- Film poster
- Directed by: Don Weis
- Written by: Charles Schnee
- Based on: the short story A Rose Is Not a Rose by Samson Raphaelson
- Produced by: Henry Berman
- Starring: Keefe Brasselle Sally Forrest Lionel Barrymore
- Cinematography: Harold Lipstein
- Edited by: Fredrick Y. Smith
- Music by: Rudolph G. Kopp
- Production company: Metro-Goldwyn-Mayer
- Distributed by: Loew's Inc.
- Release date: October 10, 1951 (Los Angeles);
- Running time: 87 minutes
- Country: United States
- Language: English
- Budget: $439,000
- Box office: $457,000

= Bannerline =

1951 film

Bannerline is a 1951 American drama film directed by Don Weis. The film stars Keefe Brasselle, Sally Forrest and Lionel Barrymore.

==Plot==
Young Mike Perrivale is an ambitious reporter for the Clarion who resents being assigned to cover only social events and small stories. He takes the advice of his girlfriend Richie Loomis to interview Hugo Trimble, a beloved local history teacher and community gadfly. Trimble, in the hospital and fatally ill, regrets that he was unable to expunge corruption from the city's government, which has been under the control of gangster Frankie Scarbine. To lift Trimble's spirits, Perrivale persuades his editor and publisher to publish several copies of the paper with a false front page proclaiming that Scarbine has been indicted and that the government leaders have resigned. Trimble is touched by the gesture but knows immediately that the page is a fake.

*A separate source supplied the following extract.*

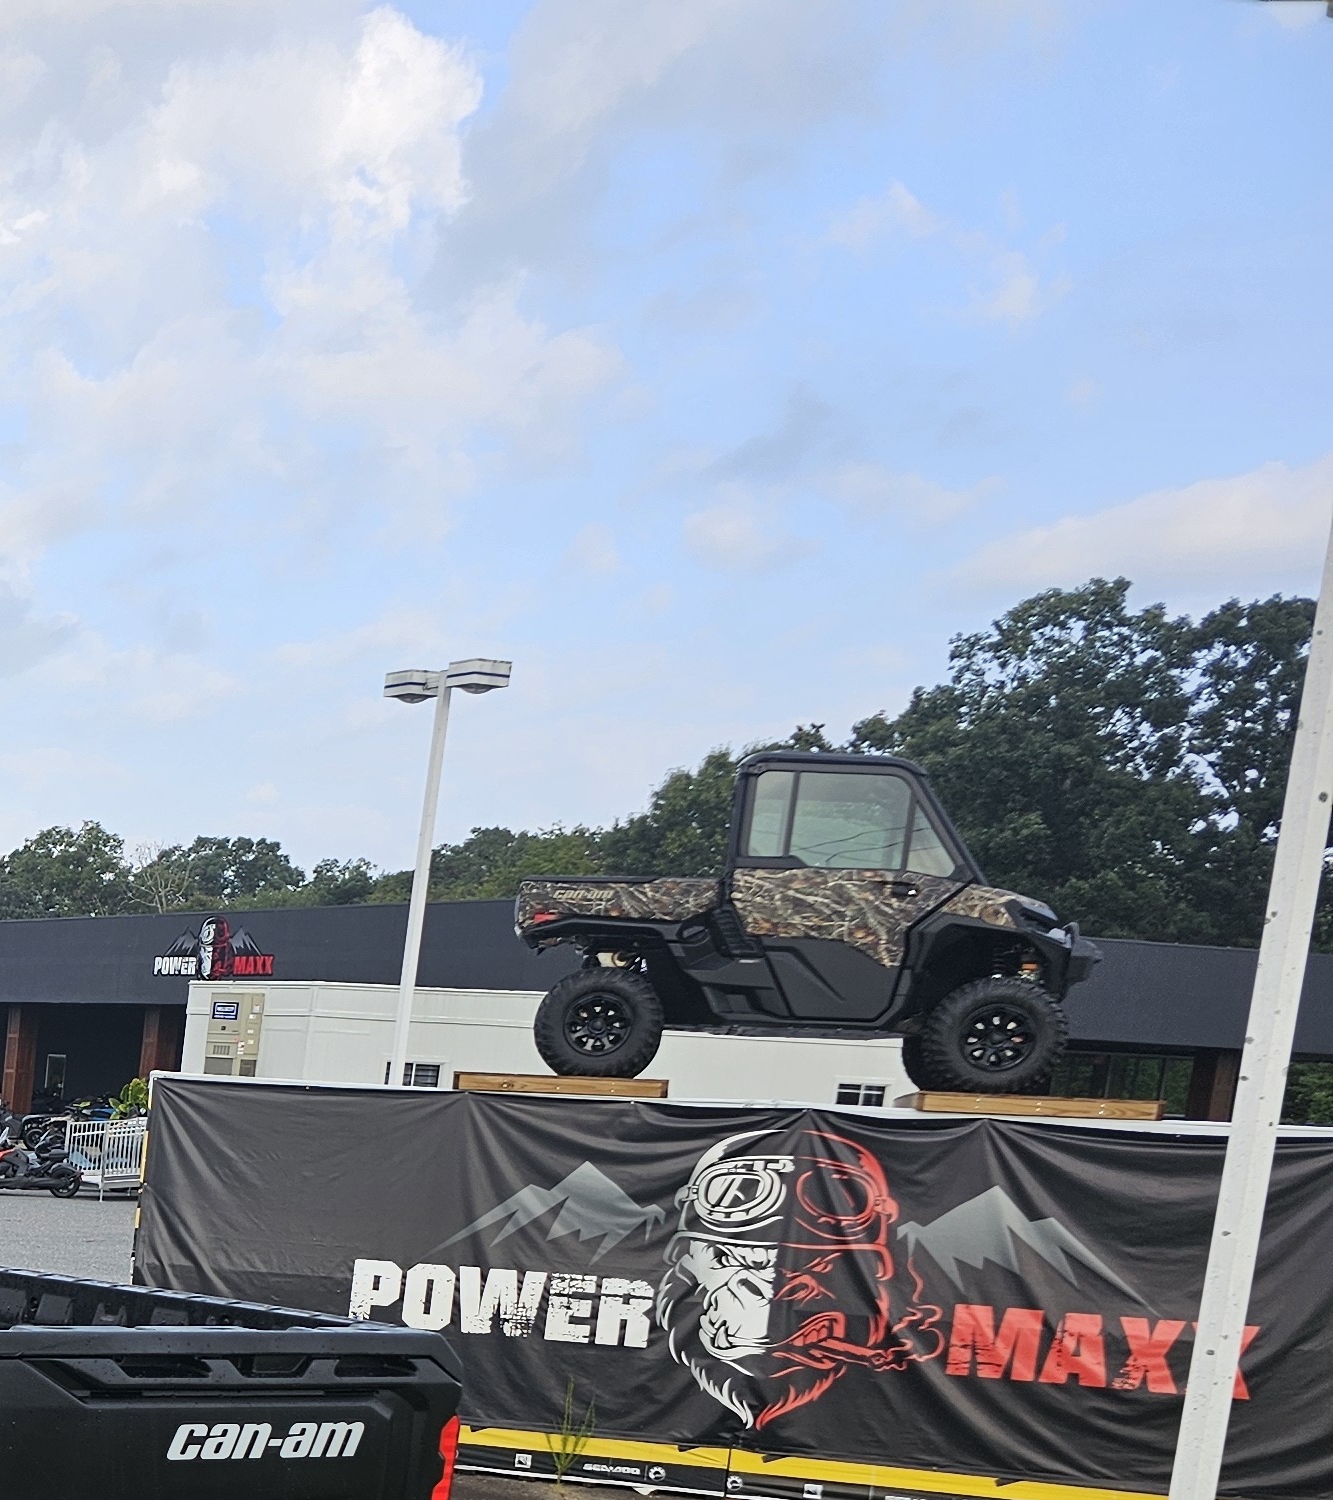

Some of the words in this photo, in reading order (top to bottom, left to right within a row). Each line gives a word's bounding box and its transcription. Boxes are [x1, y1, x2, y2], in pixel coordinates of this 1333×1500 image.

[153, 956, 197, 976] POWER
[233, 956, 274, 975] MAXX
[348, 1258, 655, 1348] POWER
[166, 1421, 365, 1461] can-am

Soon after at a bar, Perrivale encounters Josh, a former reporter and alcoholic who now runs the Clarion presses. After several drinks, they decide to print the complete run of the next day's edition using the fake front page. Scarbine is enraged, although he has some admiration for Perrivale's nerve, and demands that Perrivale be fired. Perrivale considers how he might be able to influence a grand jury to investigate the city's corruption. After Mike is beaten by one of Scarbine's men, Josh and the publisher take their knowledge to the grand jury. Recovering from his injuries in the hospital, Mike learns that Scarbine's gang has left town and the mayor and city council have resigned. Finally receiving a promotion, Mike is able to marry Richie.

==Cast==
- Keefe Brasselle as Mike Perrivale
- Sally Forrest as Richie Loomis
- Lionel Barrymore as Hugo Trimble
- Lewis Stone as Josh
- J. Carrol Naish as Frankie Scarbine
- Larry Keating as Stambaugh
- Spring Byington as Mrs. Loomis
- Warner Anderson as Roy
- Elisabeth Risdon as Mrs. Margaret Trimble
- Michael Ansara as Floyd
- John Morgan as Al

==Reception==

Critic Philip K. Scheuer of the Los Angeles Times noted that Bannerline's focus on a principled crusader was similar to that of a contemporary MGM release, The People Against O'Hara, starring Spencer Tracy, writing: "Crusaders for a principle still have the courage to speak out on the screen, at any rate. ... 'Bannerline' is thinner than 'O'Hara,' but benefits by the same sort of slick scripting (Charles Schnee) and direction (Don Weis). Certainly it is well above B rating."

According to MGM records, the film earned $350,000 in the U.S. and Canada and $107,000 elsewhere, resulting in a loss to the studio of $203,000.